Dubai is a very safe country and offers so much more than uk does in my daughters eyes.

she has secured a job (pending relocation) visa and healthcare and lived out allowance included.been to visit schools and put a holding deposit down to hold place for this year. Home will be 10 min from school. So my daughter has done everything in the best interest of her daughter to ensure this move will enhance her everyday living, education, emotional wellbeing, .

mum is offering to pay all fares for her daughter to see dad in holidays summer 4 weeks, march 2 weeks and Christmas 2 weeks. With as much indirect contact that dad wishes.
dad is welcome to come out too whenever he wants too.

at present dad sees daughter every other weekend as and when in holidays and no FaceTime or calls , or check-ins between that time. Mum does all school runs, doctors , dentist, sick days you name it and , works every weekend .

dad not paying maintenance and mum struggling financially which does effect the child.

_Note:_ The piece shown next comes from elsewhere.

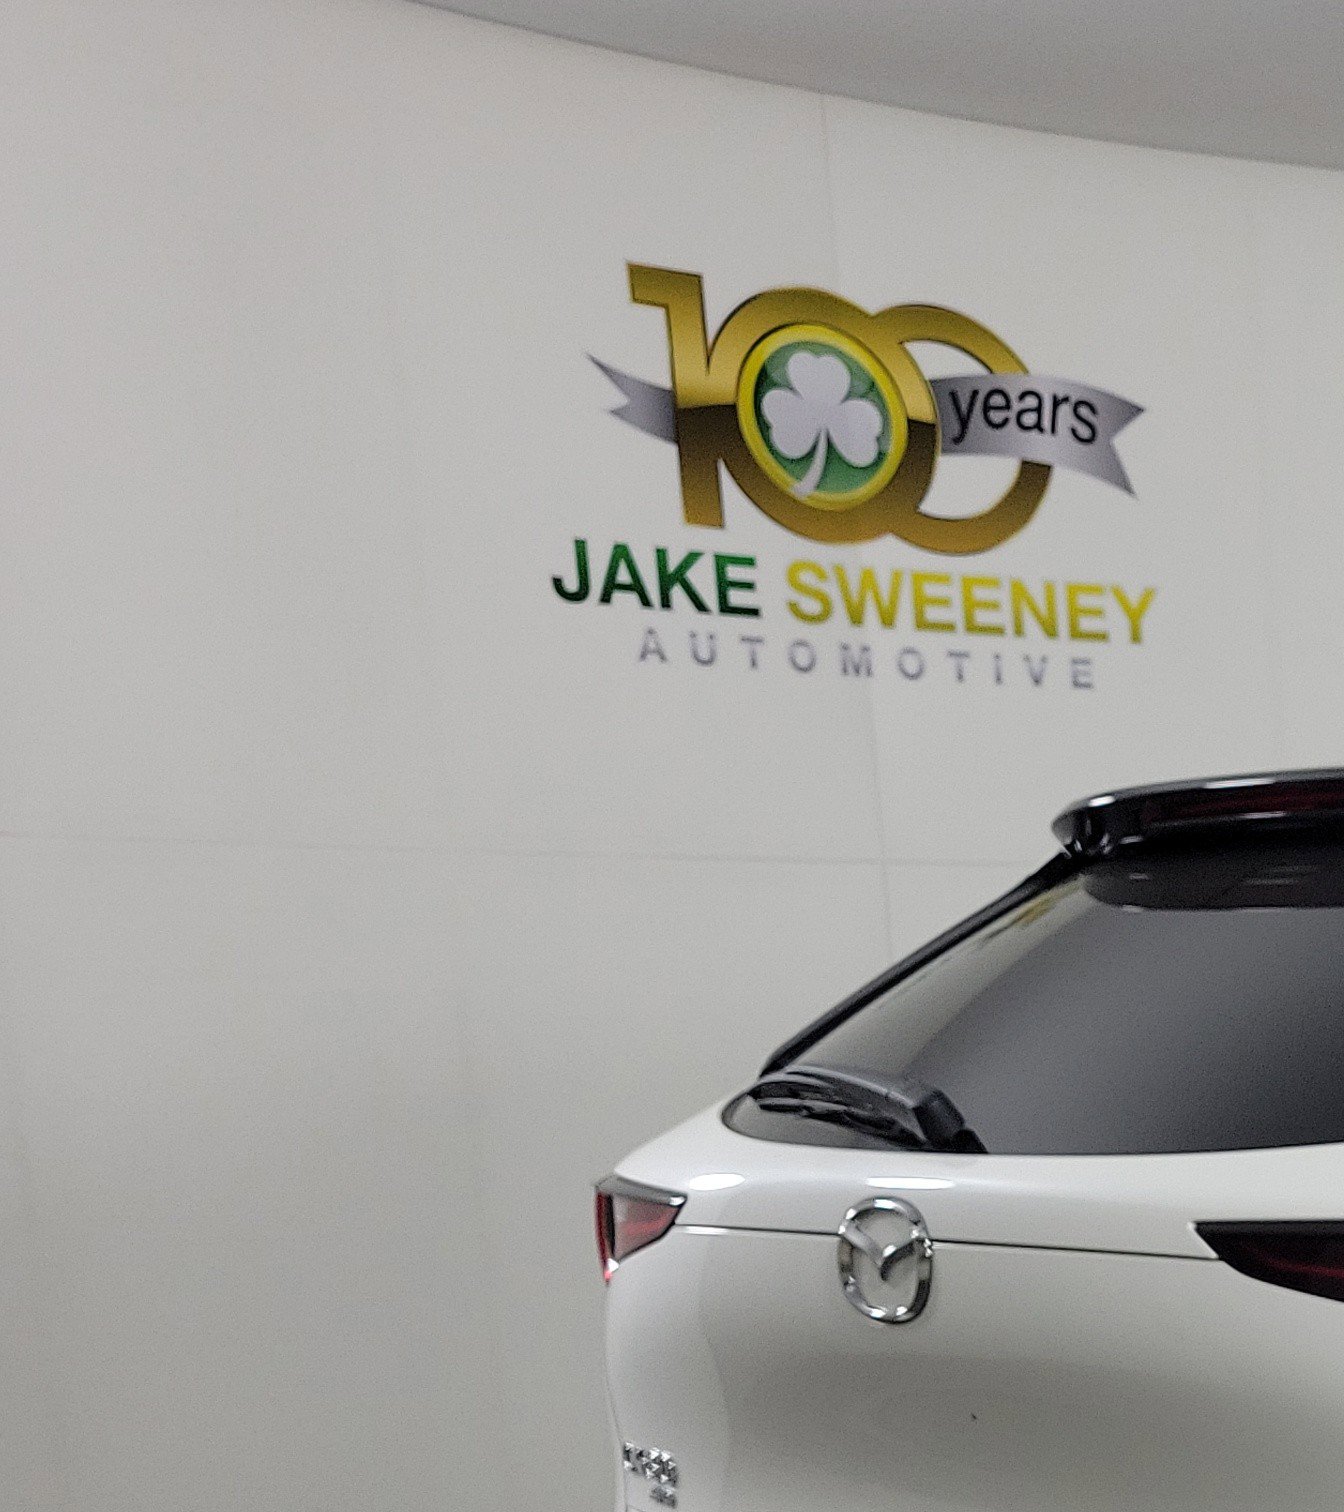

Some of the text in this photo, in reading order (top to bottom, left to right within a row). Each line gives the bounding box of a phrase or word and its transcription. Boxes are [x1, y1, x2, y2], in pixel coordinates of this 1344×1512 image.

[626, 260, 1053, 556] 100
[949, 388, 1098, 445] years
[550, 537, 1157, 646] JAKE SWEENEY
[639, 628, 1096, 691] AUTOMOTIVE

so the move not only improves mums finances but it directly improves the child.

every single part of child’s welfare will be greatly improved.

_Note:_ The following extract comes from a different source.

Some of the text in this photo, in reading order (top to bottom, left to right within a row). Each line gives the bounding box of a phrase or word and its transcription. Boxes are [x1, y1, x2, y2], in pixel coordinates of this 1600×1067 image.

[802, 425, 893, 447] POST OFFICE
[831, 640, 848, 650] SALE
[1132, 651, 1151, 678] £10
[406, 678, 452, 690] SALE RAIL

also predictable quality time with mum on weekends.

maternal grandmother also going to move too as to help out as she does here too.

so please only positive response please and if you want to be negative please don’t comment.

just some advice from mums who have or are at present going through the same court/caffcass 7 and have some good advice.

thanks

So father gets to see his child a few times a year! And do you seriously expect everyone to believe that her father is welcome to visit anytime he wants? Once you’re all out there you will start a campaign to turn your granddaughter against her father! This is all about what you and your daughter want! Nothing in what you say suggests otherwise, you’ve not even mentioned what your granddaughter feels about it!